We can give our horse the best deal by becoming more aware about:
- The specific types of signals we can use
- How we are orientating our body
- How we can refine our signals as the horse becomes confident
- How to use a ‘signal bundle’ or ‘multi-signal’
- When we are ‘nagging’ rather than communicating.
As mentioned earlier, it is the most natural thing in the world to expect the horse to change so it does what we want. However, in reality, it is by changing what we do that yields the results we want.
There will be variations in horse behavior based on each horse’s innate character type, his personal history, his relationship with the handler and the situation of the moment.
Horses will always be horses and will respond in the way that horses respond. Being prey animals, their main concern is safety.
Before we can cause change in the horse, we must become hyper aware of what we are doing while the horse is watching.
Whenever we are in our horse’s view, he is picking up all sorts of signals from us – our posture, our energy level, our intent, what we usually do that time of day, any specific signal we may be giving and so on.
Once we learn to pay close attention to the horse’s body language, we get better at understanding the signals the horse is sending us.
A signal is a direct, purposeful communication between horse and handler. If we’ve carefully taught a signal for backing up, then the horse will back up when we give that signal.
If the horse raises his head and points his ears with strong concentration, we pick up his signal that something in the environment has his full attention.
First, we learn the horse’s language – his signals. Then it is up to us to teach the horse the language he needs to remain safe and comfortable in the human world – our signals.
Since we have taken the horse away from his natural lifestyle and made him our captive, it is up to us to become fluent in Universal Horse Language and learn to use it effectively. To be effective we need:
- An understanding of different horse character types.

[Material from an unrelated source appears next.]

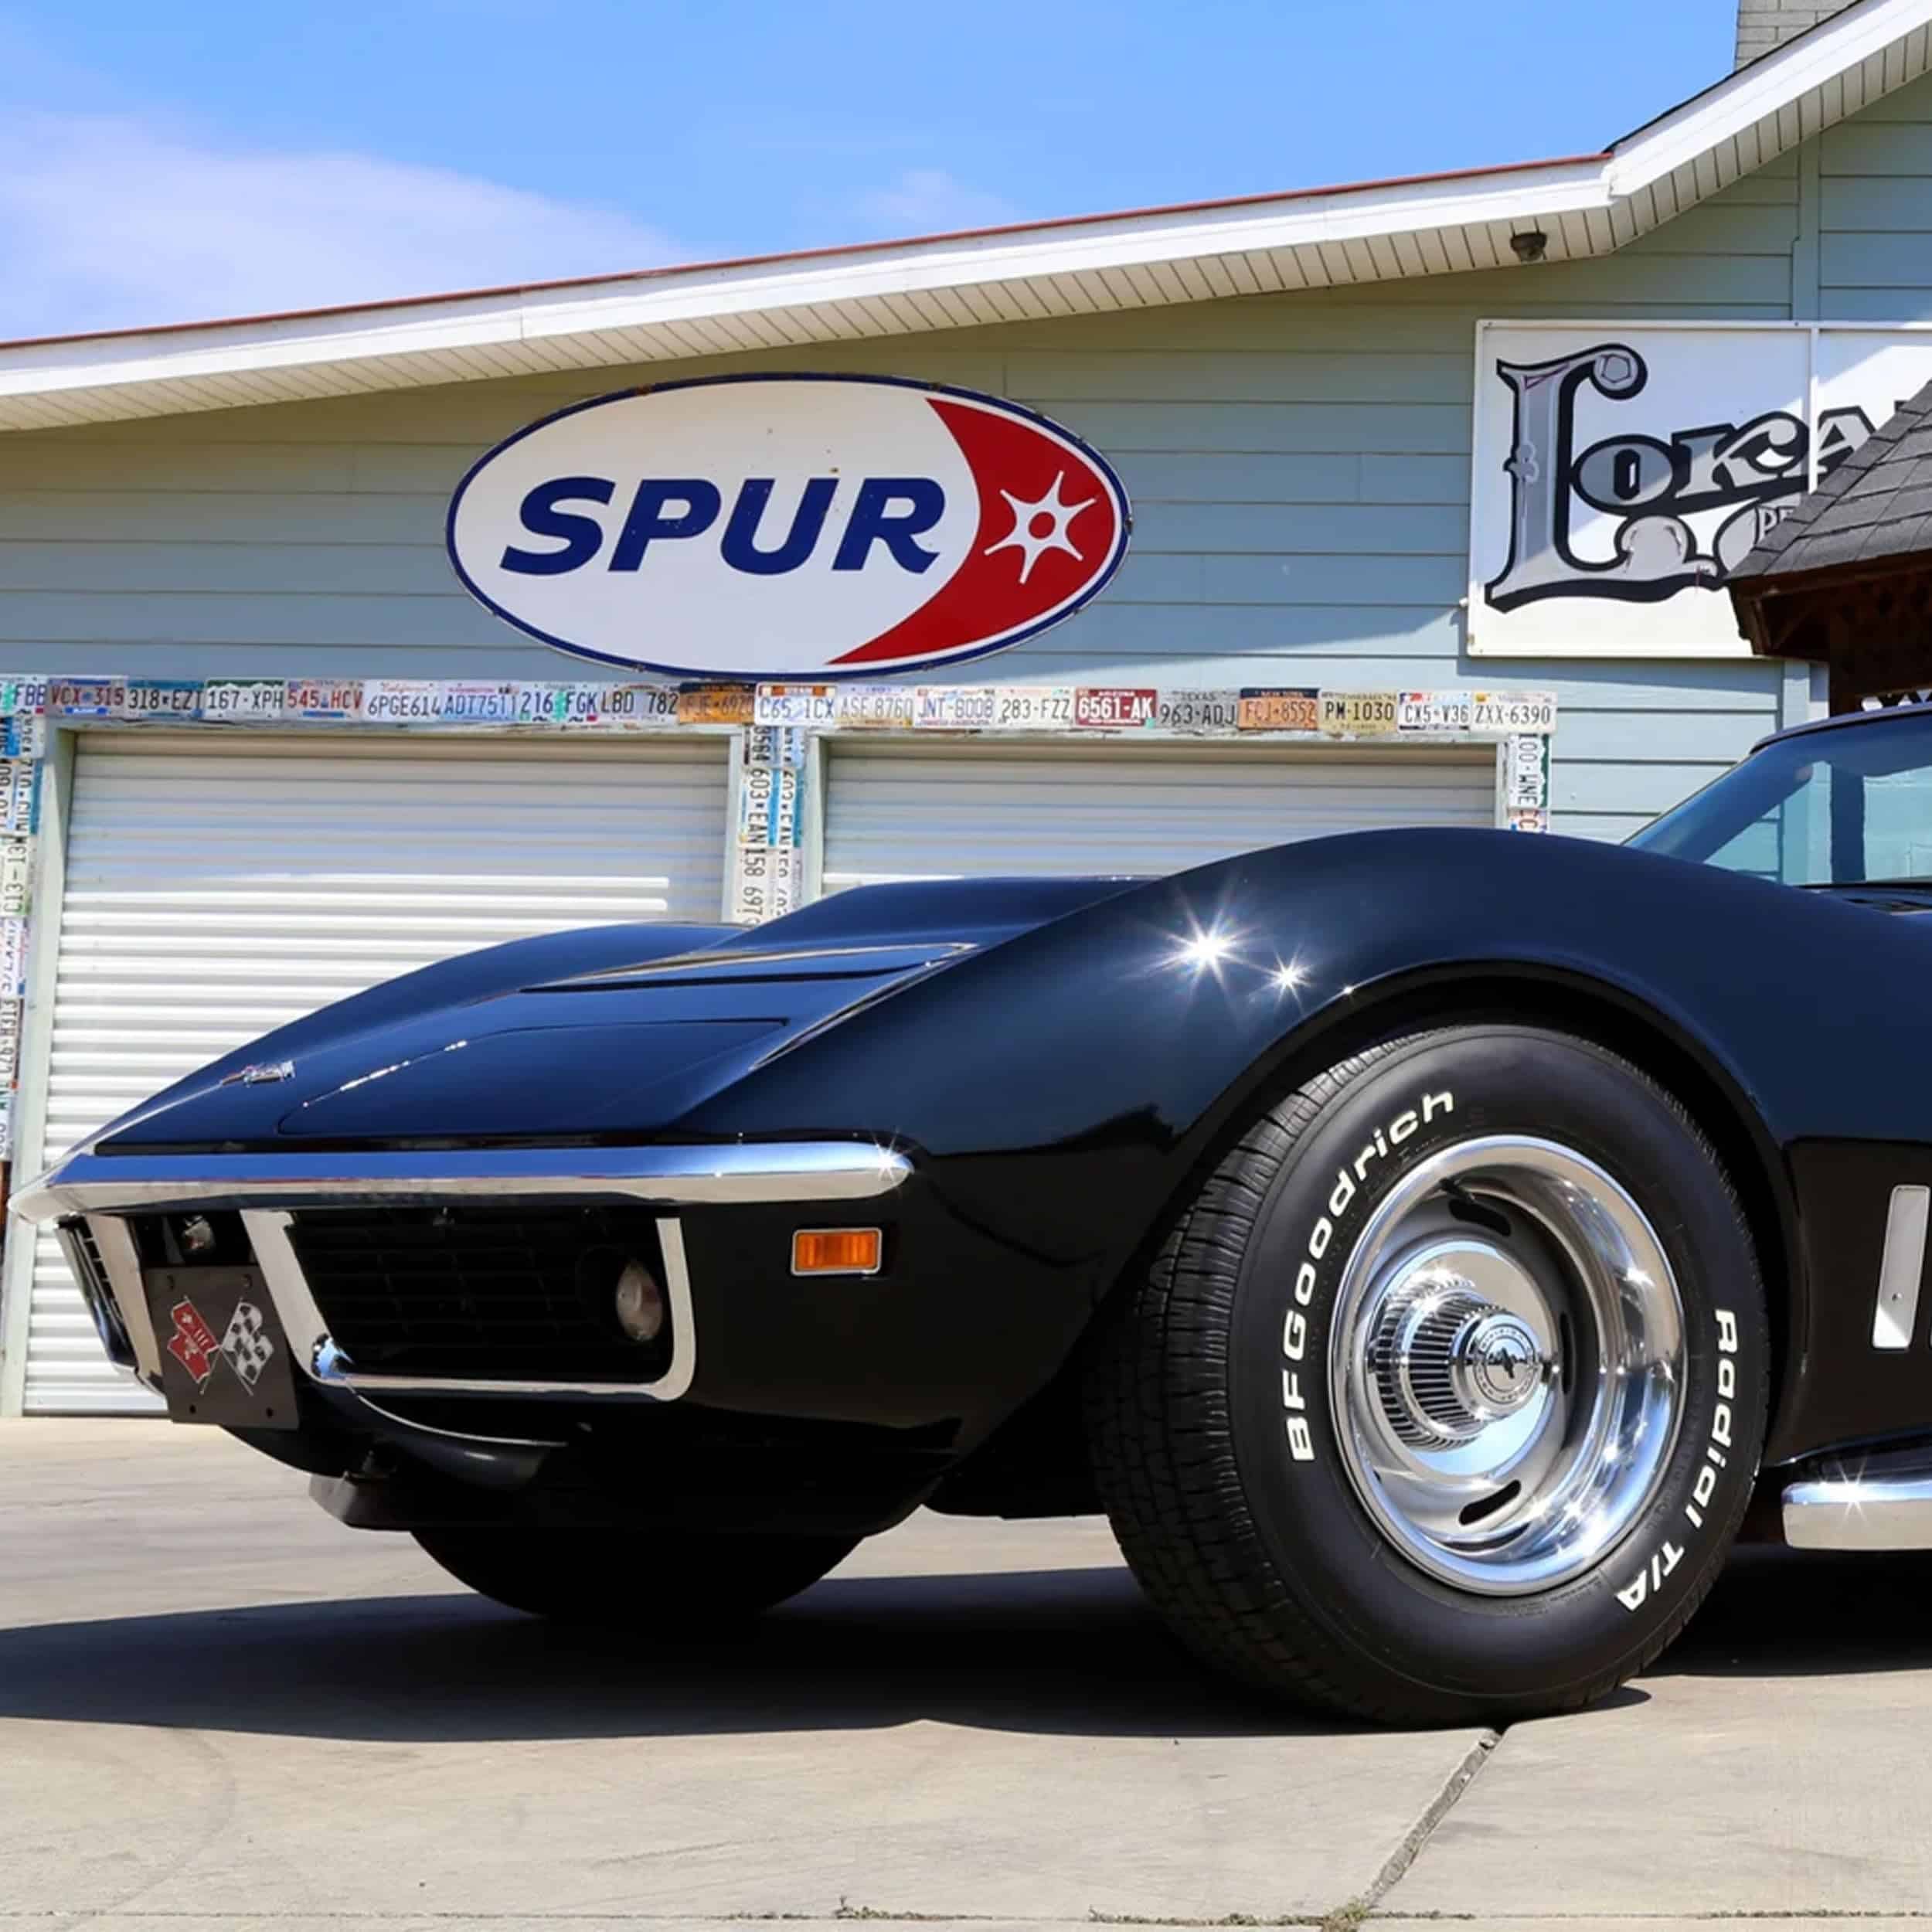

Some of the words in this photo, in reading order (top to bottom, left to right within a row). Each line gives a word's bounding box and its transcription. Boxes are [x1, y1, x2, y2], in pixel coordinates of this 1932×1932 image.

- An understanding of our particular horse’s character type.
- Awareness of our body language and the different ways we use signals.
- Knowledge about horse senses and sensitivity.
- As much knowledge as possible about a particular horse’s background experiences.
- To write good training plans which can be turned into individual education programs (IEPS) designed for a specific horse.
- Adept use of body language, body extensions, ropes, reins.
- Timely application of release reinforcement.
- Adept use of reward reinforcement along with release reinforcement.
There is detailed information about using reward reinforce-ment in my book, How to Begin Equine Clicker Training.
The more fluent we are about understanding horse body language and the mechanics of both release (negative) and reward (positive) reinforcement, the better a teacher we can be for our horse.
It is hard for the horse to learn from someone who doesn’t have a good understanding of who and what they are teaching.
Before we head into an overview of the signals we use with horses, followed by a detailed look at each signal type, we need to look in detail at how horses sense and perceive their environment. (The next part of the book delves into this.)
Once we are conscious of the biological differences between horse and human perception, it is easier to allow horses the leeway they need to feel safer in our company.